As regards ferritin, do you try and eat liver (yuk) or liver pate regularly?
Thanks! Ooh thats good re t4 percentage will let GP know. No not tried liver yet for ferritin, will do. Supplements seem to have improved results a bit. Disappointed re b12 going down :/
Got below reply from endo, i am prescribed 100 levo but have been taking 125 as have spare. Think scuppered my chance of getting increase
Thank you for your message today, sent as Advice Conversation. I note the query about thyroid replacement therapy. I have read the email exchange you included with the message and I have seen the blood test results. The email exchange includes advice to aim for serum TSH in the lower part of the reference range. This is in line with standard practice and our local practice also. The last blood test result included TSH 0.08mU/L (which is below the reference range). I agree that on the basis of the available information, there is no indication to increase the dose of Levothyroxine.
Well they're not reducing it so I suppose that's something. Have you "confessed" to taking 125 mcg? They seems happy with what you're taking, so may as well increase the prescription to 125 ... and then if you feel rough later on you can use some of your "spare" to take say another 25 mcg on alternate days [I'm a big fan of having a bit of "spare" around ]
What vitamin supplements are you currently taking?
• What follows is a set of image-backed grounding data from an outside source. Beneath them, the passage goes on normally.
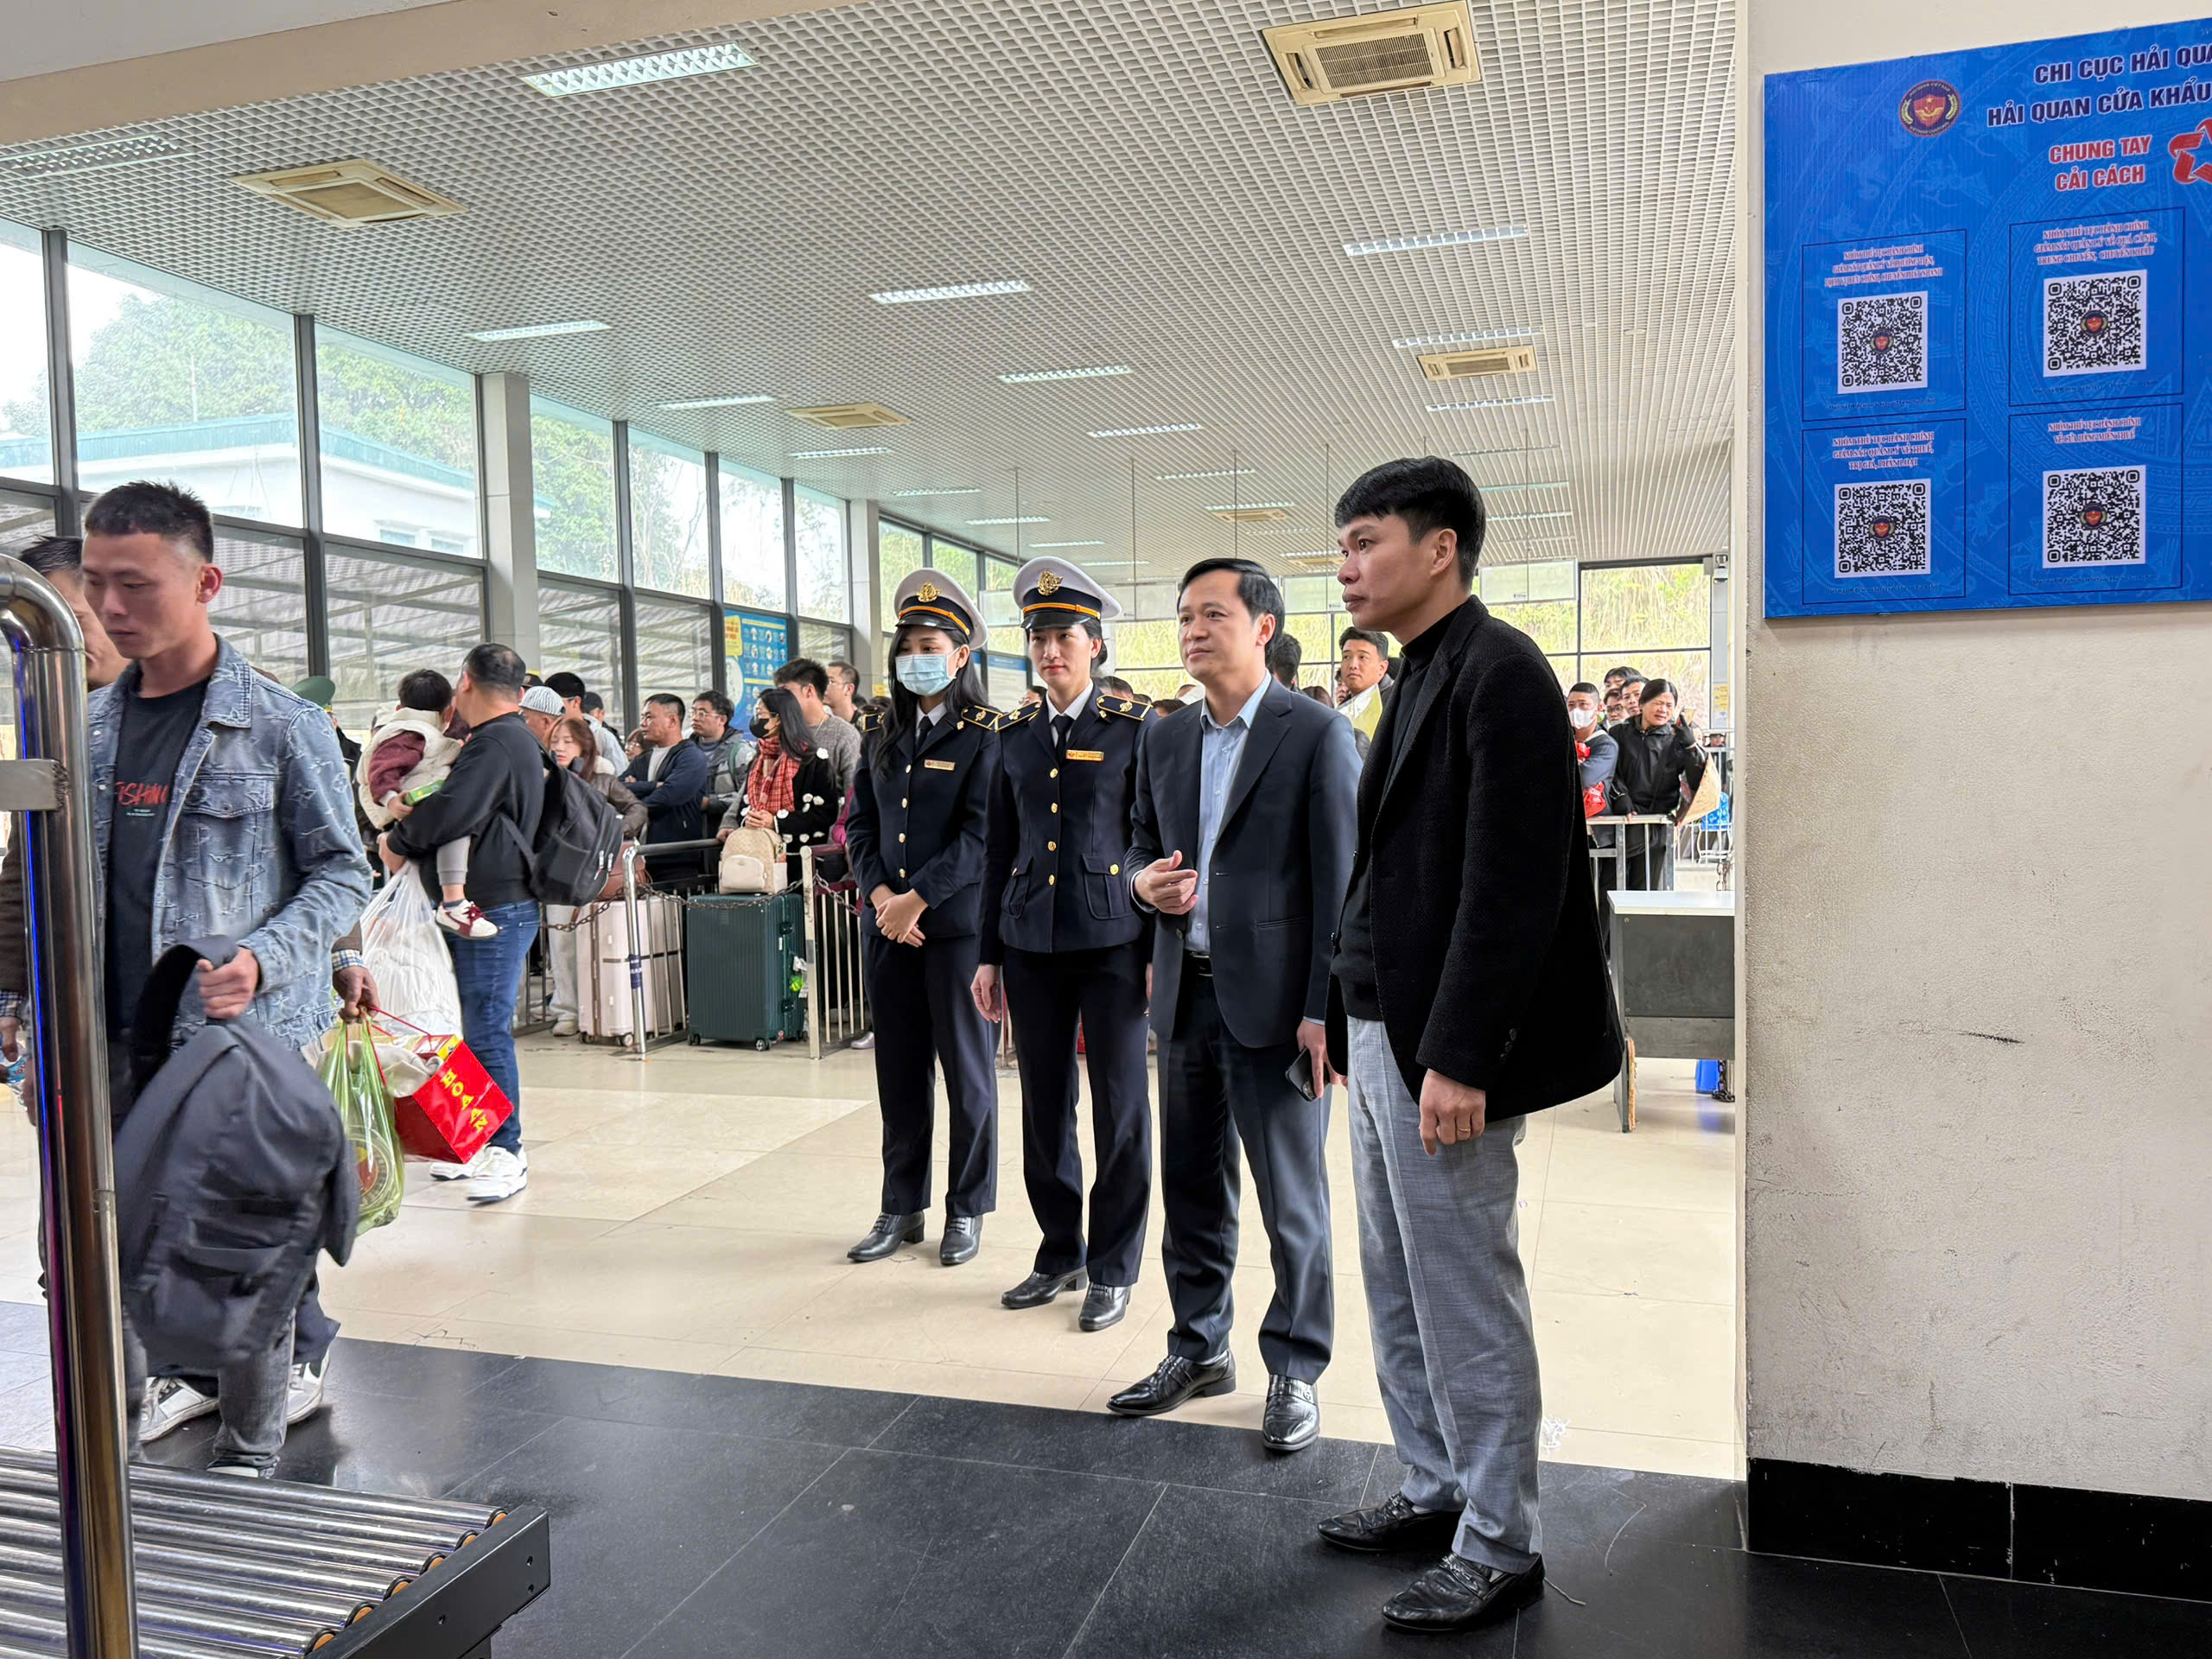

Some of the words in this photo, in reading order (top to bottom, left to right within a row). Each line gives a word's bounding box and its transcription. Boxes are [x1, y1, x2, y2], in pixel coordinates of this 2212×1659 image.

[2034, 62, 2072, 85] CHI
[2079, 55, 2124, 81] CỤC
[2131, 45, 2169, 73] HẢI
[1987, 99, 2025, 128] HẢI
[2031, 97, 2091, 124] QUAN
[2097, 87, 2144, 114] CỬA
[2149, 77, 2212, 109] KHẨU
[2049, 139, 2115, 164] CHUNG
[2120, 135, 2152, 156] TAY
[2055, 166, 2088, 192] CẢI
[2093, 163, 2145, 188] CÁCH
Obviously you need TSH, Ft4 and Ft3 tested together
Important to test folate before TTC
Vitamin D needs testing too
For full Thyroid evaluation you need TSH, FT4 and FT3 plus both TPO and TG thyroid antibodies tested. Also EXTREMELY important to test vitamin D, folate, ferritin and B12
Recommended on here that all thyroid blood tests should ideally be done as early as possible in morning and before eating or drinking anything other than water .
Last dose of Levothyroxine 24 hours prior to blood test. (taking delayed dose immediately after blood draw).
Is this how you do your tests?
Private tests are available as NHS currently rarely tests Ft3 or thyroid antibodies or all relevant vitamins
Thanks have followed these instructions a few times now i know i am hash/hypo, have good t3/4 conversion, low t4 but now seems good range at over 60% through range. Vits have all been commented before mostly fine apart from b12 and ferritin (take vid d and folic acid for ttc)
Igennus Super B is good quality and cheap vitamin B complex. Contains folate. Full dose is two tablets per day. Many/most people may only need one tablet per day.
Certainly only start on one per day (or even half tablet per day)
Or Thorne Basic B or jarrow B-right are other options that contain folate, but both are large capsules and may be too high a dose
If you are taking vitamin B complex, or any supplements containing biotin, remember to stop these 7 days before any blood tests, as biotin can falsely affect test results
Vits have all been commented before mostly fine apart from b12 and ferritin (take vid d and folic acid for ttc)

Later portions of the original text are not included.